In fact, our service numbers nearly doubled from 2019 to 2020. While we reported providing 15,740 services to clients in 2019, we provided approximately 27,448 in 2020, a 75 percent increase in services in just one year. These services include counseling, shelter, emergency financial aid, transportation, support groups and more. We specifically provided emergency shelter and motel vouchers to over twice as many clients, reporting 43 shelter clients from 2019 and 107 clients in 2020. Our number of crisis line calls more than tripled, with 1,661 calls reported in 2019 and 5,792 in 2020.
These numbers only narrowly represent the actual number of those experiencing abuse, as domestic violence is highly underreported. In fact, as many as 50 percent of domestic violence incidents go unreported and victims do not typically seek support until experiencing violence an average of seven times. Tragically, in the past ten months alone, our county has also mourned four femicides that are known to be a result of domestic abuse.
Although individuals of every gender can be victims of domestic violence homicide, women are disproportionately murdered by their intimate partners in comparison with other genders. Using terms like “murder” and “homicide” ignores this distinctive type of violence disproportionately perpetrated against women. Patriarchal power structures and traditional ideas about gender and power often influence men to murder women at disproportionately high rates. Referring to these horrific murders as domestic violence femicides is important, as our community must understand the true dynamics behind this specific type of violence in order to constructively act to prevent it from happening in the future. We must work to understand the cycle of violence and conditions that keep individuals (disproportionately women) in unhealthy and dangerous relationships.

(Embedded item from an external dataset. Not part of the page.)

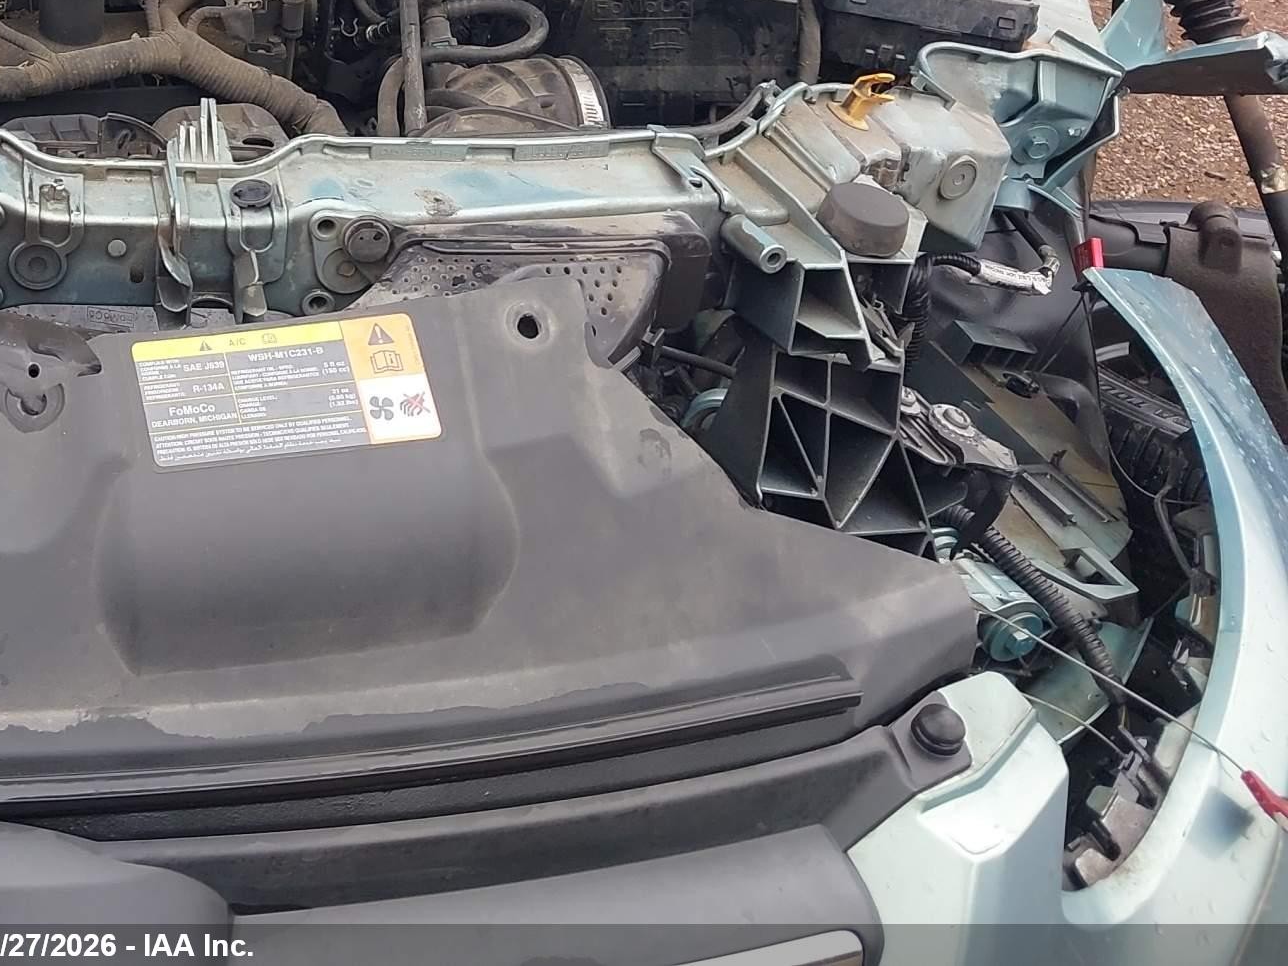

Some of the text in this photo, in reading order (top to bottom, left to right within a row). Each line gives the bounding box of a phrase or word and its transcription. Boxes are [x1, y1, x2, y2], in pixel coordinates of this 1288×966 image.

Domestic violence has never been a simple phenomenon to understand, but the pandemic made it increasingly complex. Here are some ways each of us can help support victims of domestic violence: Believe and validate survivors and ensure they have a support system; check on your loved ones and neighbors and help them plan in case they need to flee to safety; use social media to raise awareness around domestic and sexual violence and ask your followers to do the same; challenge toxic masculinity and machismo culture that perpetuates violence; don’t judge, victim blame or shame survivors; don’t make decisions for the survivors–offer options and allow the survivor to make their own choices.
Domestic violence impacts us all as a community, and if we each do our part, we can stop this cycle of violence for us and for future generations. We stand with the families and loved ones of all domestic violence femicide and homicide victims and encourage individuals currently experiencing domestic violence to seek help. If you, a friend or neighbor, or a loved one is experiencing abuse, please call our 24-hour confidential, bilingual crisis line at 888-900-4232 today to seek help. Remember you are not alone.